‘Exercise is medicine’ is a current catch cry that is becoming increasingly common. This is for good reason, with the list of health benefits that stem from regular exercise growing rapidly.
In this article from December 2018 (published by the Mayo Clinic promoting the benefits of exercise), exercise controls weight, combats health conditions and diseases, improves mood, boosts energy, promotes better sleep, puts the spark back into your sex life, can be fun … and social.
Recognising that such a simple ‘therapy’ can have such far-reaching benefits means that allied health professionals should be promoting, recording and tracking patients exercise habits.

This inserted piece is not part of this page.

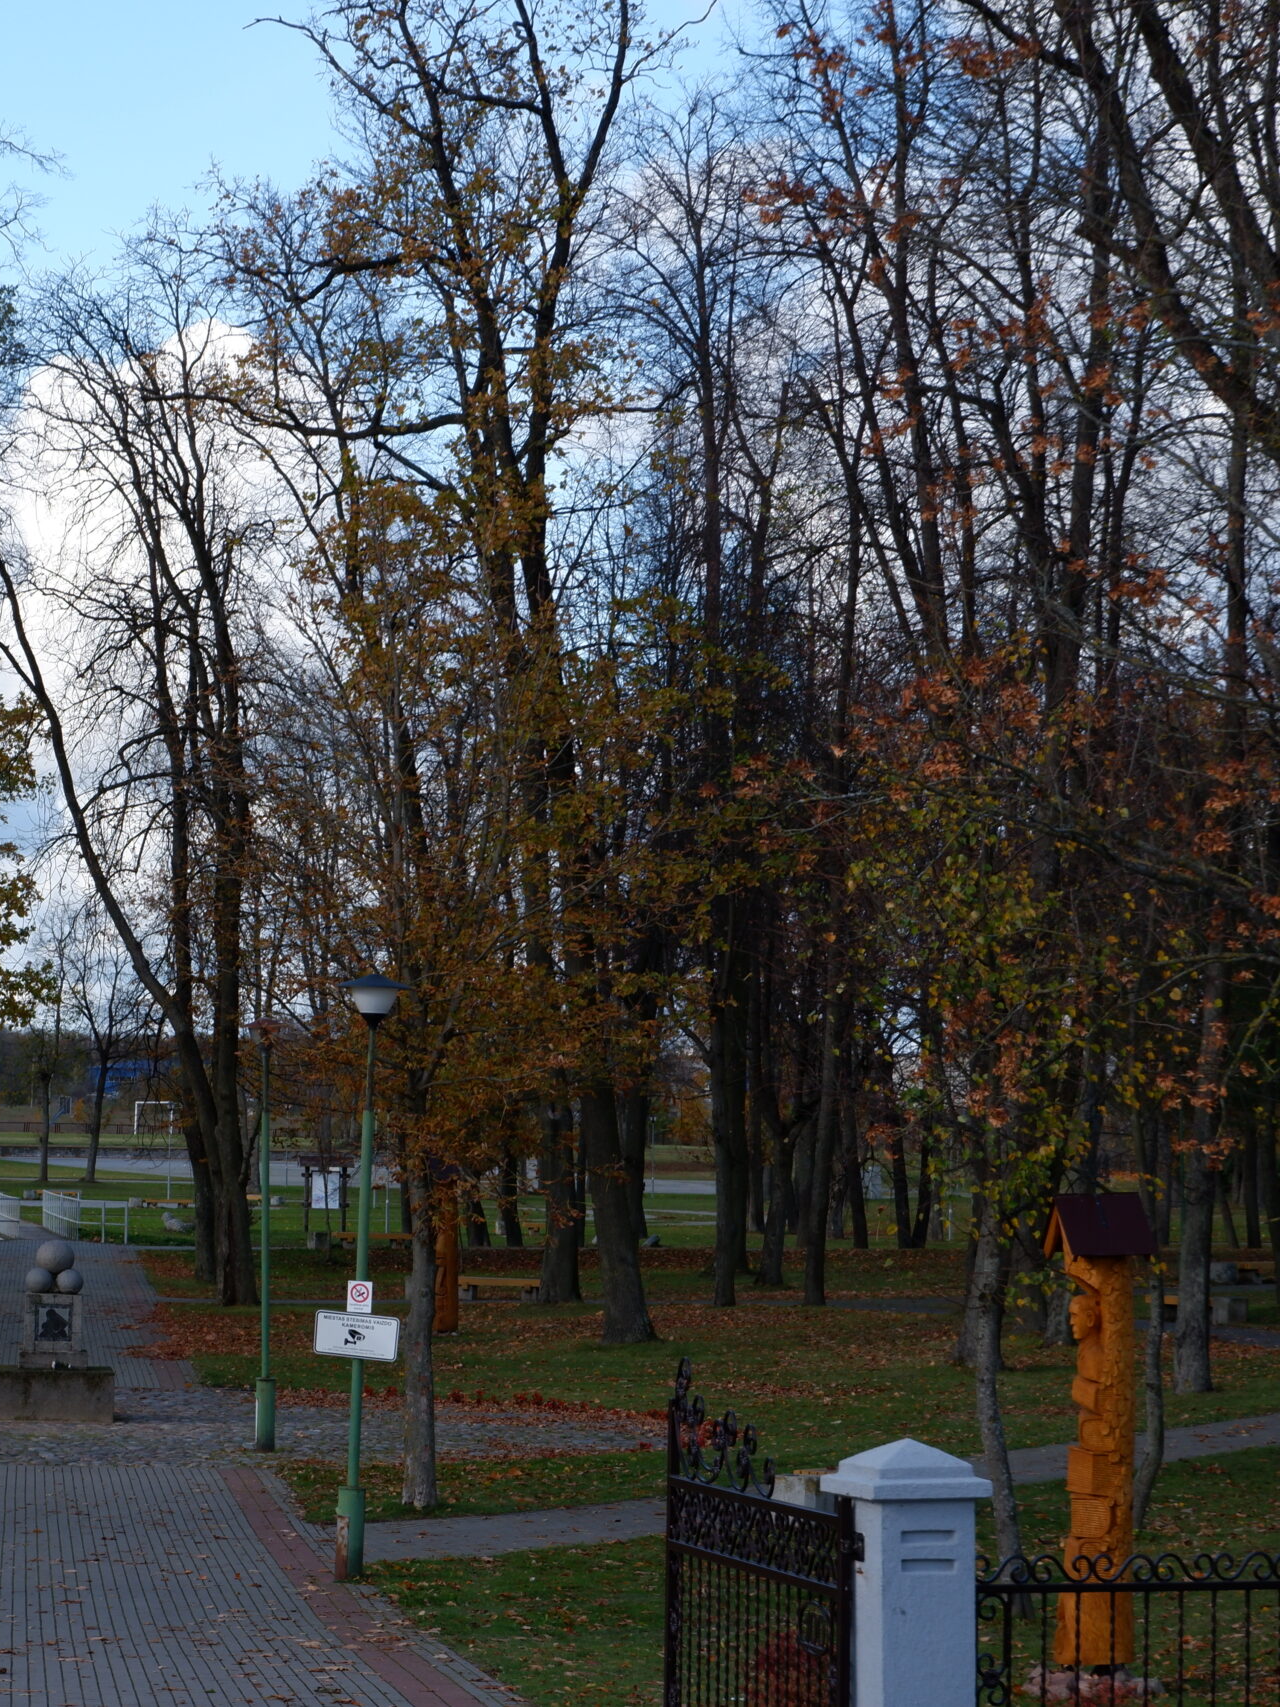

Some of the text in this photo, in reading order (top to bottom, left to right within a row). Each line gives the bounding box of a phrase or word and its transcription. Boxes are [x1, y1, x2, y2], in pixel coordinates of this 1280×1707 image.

[323, 1314, 345, 1322] MIESTAS
[372, 1319, 392, 1327] VAIZDO
[341, 1322, 375, 1330] KAMEROMIS

A lot of people are pleasantly surprised to learn that it does not take a lot of effort to get a huge amount of benefit. Just 30 minutes of brisk walking undertaken 5 x per week coupled with 2 sessions of body weight exercises targeting some big muscles (glutes, hamstrings, quadriceps and calves) will enable adults to get the maximal health benefits from exercise.
Quite possibly. A prospective observational Danish study of 1098 healthy joggers and 3950 healthy non-joggers which have been followed since 2001 showed a U-shaped association between all-cause mortality and dose of jogging as calibrated by pace, quantity, and frequency of jogging. This paper, published in 2015 (The Copenhagen City Heart Study JOURNAL OF THE AMERICAN COLLEGE OF CARDIOLOGY VOL. 65, NO. 5, 2015), showed light and moderate joggers have a lower mortality than sedentary non-joggers. However strenuous joggers have a mortality rate not statistically different from the non-jogging controls. The bottom of the U-shaped curve (the ‘sweet spot’) was found between 1 and 2.4 hours of jogging per week, with no more than 3 running days per week, at a slow or average pace. Strenuous joggers were defined by a jogging pace of >5.3 mins/km (11.27kph) for a total time of > 4 hours/week.
A number of large studies utilizing cumulative doses of exercise, rather than focusing just on jogging, have shown similar U-shaped, or J-shaped curves. Current thinking is that there is an upper limit of exercise for optimizing cardiovascular benefits and longevity.
An Exercise Vital Sign (EVS) can be simply calculated and entered into patient/client records as the total minutes per week of physical activity.
The EVS should sit alongside other patient baseline measurements like height, weight, Body Mass index (BMI), abdominal circumference, blood pressure, alcohol and smoking history. A number of studies from North American have concluded that the EVS has discriminant validity and is a valid proxy measure of physical activity in patients.